── Supplied material ──

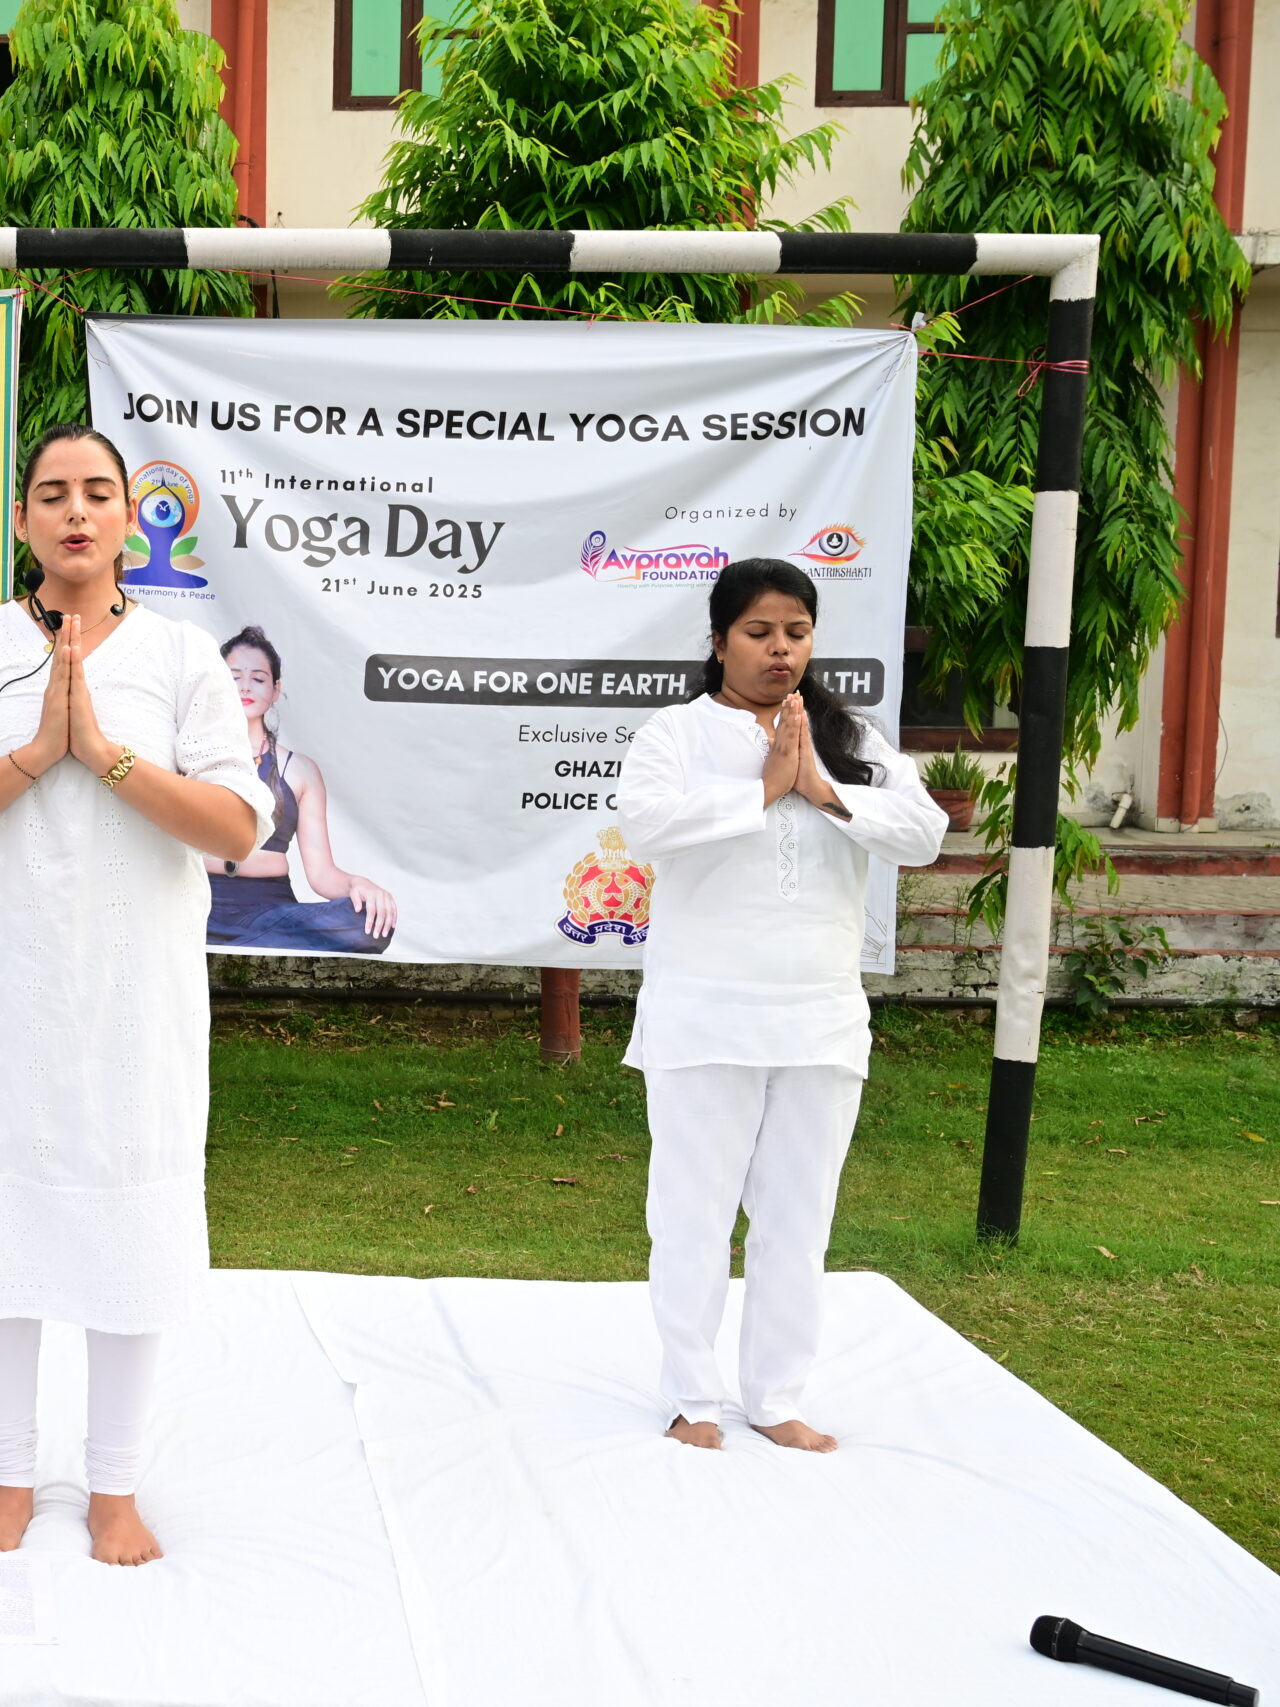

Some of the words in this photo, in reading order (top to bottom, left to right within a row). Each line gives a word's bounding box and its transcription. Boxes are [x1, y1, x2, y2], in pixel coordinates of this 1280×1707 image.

[123, 392, 198, 429] JOIN
[210, 401, 261, 432] US
[273, 404, 347, 436] FOR
[356, 407, 384, 437] A
[395, 407, 555, 442] SPECIAL
[568, 412, 690, 443] YOGA
[702, 407, 866, 442] SESSION
[165, 467, 179, 477] day
[179, 475, 188, 484] of
[185, 484, 194, 504] yoga
[220, 468, 254, 485] 11th
[265, 473, 434, 493] International
[665, 503, 769, 523] Organized
[778, 503, 798, 522] by
[220, 494, 371, 568] Yoga
[384, 503, 506, 574] Day
[601, 547, 729, 579] Avpravah
[801, 567, 872, 578] ANTRIKSHAKTI
[642, 570, 721, 581] FOUNDATIO
[123, 587, 136, 595] for
[138, 588, 178, 598] Harmony
[189, 591, 216, 600] Peace
[321, 577, 357, 593] 21st
[367, 580, 418, 597] June
[428, 583, 483, 599] 2025
[377, 666, 465, 692] YOGA
[473, 670, 528, 694] FOR
[536, 671, 593, 695] ONE
[601, 673, 687, 696] EARTH
[823, 671, 871, 694] LTH
[518, 724, 608, 744] Exclusive
[554, 760, 622, 778] GHAZI
[521, 792, 598, 810] POLICE
[563, 922, 588, 942] उत्तर
[594, 921, 627, 934] प्रदेश

───

Make an exact copy of every record, pictures excluded.

# Answer section:
Some of the words in this photo, in reading order (top to bottom, left to right within a row). Each line gives a word's bounding box and its transcription. Boxes are [x1, y1, x2, y2], in pixel coordinates of this 1280×1707 image.

[123, 392, 198, 429] JOIN
[210, 401, 261, 432] US
[273, 404, 347, 436] FOR
[356, 407, 384, 437] A
[395, 407, 555, 442] SPECIAL
[568, 412, 690, 443] YOGA
[702, 407, 866, 442] SESSION
[165, 467, 179, 477] day
[179, 475, 188, 484] of
[185, 484, 194, 504] yoga
[220, 468, 254, 485] 11th
[265, 473, 434, 493] International
[665, 503, 769, 523] Organized
[778, 503, 798, 522] by
[220, 494, 371, 568] Yoga
[384, 503, 506, 574] Day
[601, 547, 729, 579] Avpravah
[801, 567, 872, 578] ANTRIKSHAKTI
[642, 570, 721, 581] FOUNDATIO
[123, 587, 136, 595] for
[138, 588, 178, 598] Harmony
[189, 591, 216, 600] Peace
[321, 577, 357, 593] 21st
[367, 580, 418, 597] June
[428, 583, 483, 599] 2025
[377, 666, 465, 692] YOGA
[473, 670, 528, 694] FOR
[536, 671, 593, 695] ONE
[601, 673, 687, 696] EARTH
[823, 671, 871, 694] LTH
[518, 724, 608, 744] Exclusive
[554, 760, 622, 778] GHAZI
[521, 792, 598, 810] POLICE
[563, 922, 588, 942] उत्तर
[594, 921, 627, 934] प्रदेश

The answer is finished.